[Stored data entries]
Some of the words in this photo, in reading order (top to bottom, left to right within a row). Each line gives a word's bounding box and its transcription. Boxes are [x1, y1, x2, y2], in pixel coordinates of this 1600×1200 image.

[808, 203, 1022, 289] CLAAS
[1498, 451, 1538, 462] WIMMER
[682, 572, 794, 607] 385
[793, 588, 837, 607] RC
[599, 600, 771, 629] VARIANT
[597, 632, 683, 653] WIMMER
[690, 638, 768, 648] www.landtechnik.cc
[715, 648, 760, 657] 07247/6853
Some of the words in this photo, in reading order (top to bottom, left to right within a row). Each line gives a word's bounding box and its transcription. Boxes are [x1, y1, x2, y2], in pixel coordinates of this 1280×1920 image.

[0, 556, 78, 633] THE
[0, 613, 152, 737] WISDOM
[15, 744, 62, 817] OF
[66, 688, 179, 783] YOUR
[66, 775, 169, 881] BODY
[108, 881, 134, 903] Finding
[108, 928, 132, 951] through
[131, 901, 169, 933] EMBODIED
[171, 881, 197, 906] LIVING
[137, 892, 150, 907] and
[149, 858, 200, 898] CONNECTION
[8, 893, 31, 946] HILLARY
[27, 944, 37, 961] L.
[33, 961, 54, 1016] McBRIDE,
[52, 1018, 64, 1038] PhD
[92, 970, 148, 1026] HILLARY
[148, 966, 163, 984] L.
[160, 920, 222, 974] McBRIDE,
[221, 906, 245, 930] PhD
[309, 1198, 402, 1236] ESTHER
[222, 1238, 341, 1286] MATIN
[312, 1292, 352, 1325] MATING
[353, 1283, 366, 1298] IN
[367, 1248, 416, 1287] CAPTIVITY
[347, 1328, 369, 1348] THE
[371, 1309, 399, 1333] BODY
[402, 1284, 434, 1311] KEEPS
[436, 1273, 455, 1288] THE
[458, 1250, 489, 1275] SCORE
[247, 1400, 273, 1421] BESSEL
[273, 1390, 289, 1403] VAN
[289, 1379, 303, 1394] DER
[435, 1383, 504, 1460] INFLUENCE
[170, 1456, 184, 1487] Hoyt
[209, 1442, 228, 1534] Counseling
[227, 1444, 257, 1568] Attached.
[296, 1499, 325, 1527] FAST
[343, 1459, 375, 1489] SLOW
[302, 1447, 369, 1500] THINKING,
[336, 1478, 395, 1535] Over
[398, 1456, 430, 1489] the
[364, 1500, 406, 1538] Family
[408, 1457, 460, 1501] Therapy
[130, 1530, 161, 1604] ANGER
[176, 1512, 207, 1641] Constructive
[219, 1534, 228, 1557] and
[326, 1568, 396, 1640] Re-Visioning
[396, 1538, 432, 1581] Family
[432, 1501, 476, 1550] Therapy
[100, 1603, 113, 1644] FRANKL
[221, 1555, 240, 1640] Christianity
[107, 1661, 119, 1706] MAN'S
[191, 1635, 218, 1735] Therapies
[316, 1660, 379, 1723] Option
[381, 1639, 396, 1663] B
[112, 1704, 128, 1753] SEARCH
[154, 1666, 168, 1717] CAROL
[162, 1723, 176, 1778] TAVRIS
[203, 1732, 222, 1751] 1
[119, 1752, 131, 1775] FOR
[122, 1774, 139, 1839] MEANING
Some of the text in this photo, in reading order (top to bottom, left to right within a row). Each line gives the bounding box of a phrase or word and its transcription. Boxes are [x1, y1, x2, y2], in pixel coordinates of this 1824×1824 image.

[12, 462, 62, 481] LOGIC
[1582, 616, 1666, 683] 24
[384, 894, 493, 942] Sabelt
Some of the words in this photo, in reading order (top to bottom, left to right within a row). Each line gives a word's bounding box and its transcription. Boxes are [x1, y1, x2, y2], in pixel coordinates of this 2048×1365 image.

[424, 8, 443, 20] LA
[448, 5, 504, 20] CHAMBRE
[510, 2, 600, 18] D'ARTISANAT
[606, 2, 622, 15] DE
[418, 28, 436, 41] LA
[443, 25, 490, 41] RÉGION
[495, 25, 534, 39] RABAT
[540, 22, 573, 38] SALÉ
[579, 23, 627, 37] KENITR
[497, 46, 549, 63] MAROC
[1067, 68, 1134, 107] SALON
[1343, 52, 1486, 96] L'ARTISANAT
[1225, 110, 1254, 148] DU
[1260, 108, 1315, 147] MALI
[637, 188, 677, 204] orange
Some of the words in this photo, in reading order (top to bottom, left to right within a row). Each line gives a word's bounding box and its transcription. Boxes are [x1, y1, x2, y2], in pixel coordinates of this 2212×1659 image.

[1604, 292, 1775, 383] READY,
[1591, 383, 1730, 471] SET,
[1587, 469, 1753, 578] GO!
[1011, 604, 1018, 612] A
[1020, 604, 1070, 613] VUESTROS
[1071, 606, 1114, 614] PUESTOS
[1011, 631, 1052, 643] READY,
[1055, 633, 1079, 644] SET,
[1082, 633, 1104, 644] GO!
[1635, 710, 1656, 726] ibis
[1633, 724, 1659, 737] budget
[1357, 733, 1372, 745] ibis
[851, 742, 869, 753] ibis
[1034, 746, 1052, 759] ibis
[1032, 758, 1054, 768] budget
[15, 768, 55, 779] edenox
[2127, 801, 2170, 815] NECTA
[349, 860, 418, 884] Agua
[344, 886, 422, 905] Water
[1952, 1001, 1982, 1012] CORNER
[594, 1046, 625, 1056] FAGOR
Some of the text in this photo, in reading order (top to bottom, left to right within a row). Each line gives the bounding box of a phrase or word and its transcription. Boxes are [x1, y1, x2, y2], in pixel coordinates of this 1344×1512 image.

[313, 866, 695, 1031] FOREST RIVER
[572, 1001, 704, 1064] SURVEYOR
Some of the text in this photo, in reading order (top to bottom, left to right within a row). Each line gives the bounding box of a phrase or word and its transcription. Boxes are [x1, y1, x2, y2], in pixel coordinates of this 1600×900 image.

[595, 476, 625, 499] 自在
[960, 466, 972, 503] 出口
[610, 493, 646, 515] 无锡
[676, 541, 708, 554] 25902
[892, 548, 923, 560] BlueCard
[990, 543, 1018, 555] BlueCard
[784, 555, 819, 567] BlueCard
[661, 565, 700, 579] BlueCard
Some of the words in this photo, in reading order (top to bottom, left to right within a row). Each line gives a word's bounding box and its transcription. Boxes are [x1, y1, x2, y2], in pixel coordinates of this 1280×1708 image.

Try it »
Repeat all of the data exactly.

Exercise output »
Some of the words in this photo, in reading order (top to bottom, left to right within a row). Each line gives a word's bounding box and its transcription. Boxes are [x1, y1, x2, y2], in pixel coordinates of this 1600×1200 image.

[808, 203, 1022, 289] CLAAS
[1498, 451, 1538, 462] WIMMER
[682, 572, 794, 607] 385
[793, 588, 837, 607] RC
[599, 600, 771, 629] VARIANT
[597, 632, 683, 653] WIMMER
[690, 638, 768, 648] www.landtechnik.cc
[715, 648, 760, 657] 07247/6853
Some of the words in this photo, in reading order (top to bottom, left to right within a row). Each line gives a word's bounding box and its transcription. Boxes are [x1, y1, x2, y2], in pixel coordinates of this 1280×1920 image.

[0, 556, 78, 633] THE
[0, 613, 152, 737] WISDOM
[15, 744, 62, 817] OF
[66, 688, 179, 783] YOUR
[66, 775, 169, 881] BODY
[108, 881, 134, 903] Finding
[108, 928, 132, 951] through
[131, 901, 169, 933] EMBODIED
[171, 881, 197, 906] LIVING
[137, 892, 150, 907] and
[149, 858, 200, 898] CONNECTION
[8, 893, 31, 946] HILLARY
[27, 944, 37, 961] L.
[33, 961, 54, 1016] McBRIDE,
[52, 1018, 64, 1038] PhD
[92, 970, 148, 1026] HILLARY
[148, 966, 163, 984] L.
[160, 920, 222, 974] McBRIDE,
[221, 906, 245, 930] PhD
[309, 1198, 402, 1236] ESTHER
[222, 1238, 341, 1286] MATIN
[312, 1292, 352, 1325] MATING
[353, 1283, 366, 1298] IN
[367, 1248, 416, 1287] CAPTIVITY
[347, 1328, 369, 1348] THE
[371, 1309, 399, 1333] BODY
[402, 1284, 434, 1311] KEEPS
[436, 1273, 455, 1288] THE
[458, 1250, 489, 1275] SCORE
[247, 1400, 273, 1421] BESSEL
[273, 1390, 289, 1403] VAN
[289, 1379, 303, 1394] DER
[435, 1383, 504, 1460] INFLUENCE
[170, 1456, 184, 1487] Hoyt
[209, 1442, 228, 1534] Counseling
[227, 1444, 257, 1568] Attached.
[296, 1499, 325, 1527] FAST
[343, 1459, 375, 1489] SLOW
[302, 1447, 369, 1500] THINKING,
[336, 1478, 395, 1535] Over
[398, 1456, 430, 1489] the
[364, 1500, 406, 1538] Family
[408, 1457, 460, 1501] Therapy
[130, 1530, 161, 1604] ANGER
[176, 1512, 207, 1641] Constructive
[219, 1534, 228, 1557] and
[326, 1568, 396, 1640] Re-Visioning
[396, 1538, 432, 1581] Family
[432, 1501, 476, 1550] Therapy
[100, 1603, 113, 1644] FRANKL
[221, 1555, 240, 1640] Christianity
[107, 1661, 119, 1706] MAN'S
[191, 1635, 218, 1735] Therapies
[316, 1660, 379, 1723] Option
[381, 1639, 396, 1663] B
[112, 1704, 128, 1753] SEARCH
[154, 1666, 168, 1717] CAROL
[162, 1723, 176, 1778] TAVRIS
[203, 1732, 222, 1751] 1
[119, 1752, 131, 1775] FOR
[122, 1774, 139, 1839] MEANING
Some of the text in this photo, in reading order (top to bottom, left to right within a row). Each line gives the bounding box of a phrase or word and its transcription. Boxes are [x1, y1, x2, y2], in pixel coordinates of this 1824×1824 image.

[12, 462, 62, 481] LOGIC
[1582, 616, 1666, 683] 24
[384, 894, 493, 942] Sabelt
Some of the words in this photo, in reading order (top to bottom, left to right within a row). Each line gives a word's bounding box and its transcription. Boxes are [x1, y1, x2, y2], in pixel coordinates of this 2048×1365 image.

[424, 8, 443, 20] LA
[448, 5, 504, 20] CHAMBRE
[510, 2, 600, 18] D'ARTISANAT
[606, 2, 622, 15] DE
[418, 28, 436, 41] LA
[443, 25, 490, 41] RÉGION
[495, 25, 534, 39] RABAT
[540, 22, 573, 38] SALÉ
[579, 23, 627, 37] KENITR
[497, 46, 549, 63] MAROC
[1067, 68, 1134, 107] SALON
[1343, 52, 1486, 96] L'ARTISANAT
[1225, 110, 1254, 148] DU
[1260, 108, 1315, 147] MALI
[637, 188, 677, 204] orange
Some of the words in this photo, in reading order (top to bottom, left to right within a row). Each line gives a word's bounding box and its transcription. Boxes are [x1, y1, x2, y2], in pixel coordinates of this 2212×1659 image.

[1604, 292, 1775, 383] READY,
[1591, 383, 1730, 471] SET,
[1587, 469, 1753, 578] GO!
[1011, 604, 1018, 612] A
[1020, 604, 1070, 613] VUESTROS
[1071, 606, 1114, 614] PUESTOS
[1011, 631, 1052, 643] READY,
[1055, 633, 1079, 644] SET,
[1082, 633, 1104, 644] GO!
[1635, 710, 1656, 726] ibis
[1633, 724, 1659, 737] budget
[1357, 733, 1372, 745] ibis
[851, 742, 869, 753] ibis
[1034, 746, 1052, 759] ibis
[1032, 758, 1054, 768] budget
[15, 768, 55, 779] edenox
[2127, 801, 2170, 815] NECTA
[349, 860, 418, 884] Agua
[344, 886, 422, 905] Water
[1952, 1001, 1982, 1012] CORNER
[594, 1046, 625, 1056] FAGOR
Some of the text in this photo, in reading order (top to bottom, left to right within a row). Each line gives the bounding box of a phrase or word and its transcription. Boxes are [x1, y1, x2, y2], in pixel coordinates of this 1344×1512 image.

[313, 866, 695, 1031] FOREST RIVER
[572, 1001, 704, 1064] SURVEYOR
Some of the text in this photo, in reading order (top to bottom, left to right within a row). Each line gives the bounding box of a phrase or word and its transcription. Boxes are [x1, y1, x2, y2], in pixel coordinates of this 1600×900 image.

[595, 476, 625, 499] 自在
[960, 466, 972, 503] 出口
[610, 493, 646, 515] 无锡
[676, 541, 708, 554] 25902
[892, 548, 923, 560] BlueCard
[990, 543, 1018, 555] BlueCard
[784, 555, 819, 567] BlueCard
[661, 565, 700, 579] BlueCard
Some of the words in this photo, in reading order (top to bottom, left to right within a row). Each line gives a word's bounding box and its transcription. Boxes are [x1, y1, x2, y2], in pixel coordinates of this 1280×1708 image.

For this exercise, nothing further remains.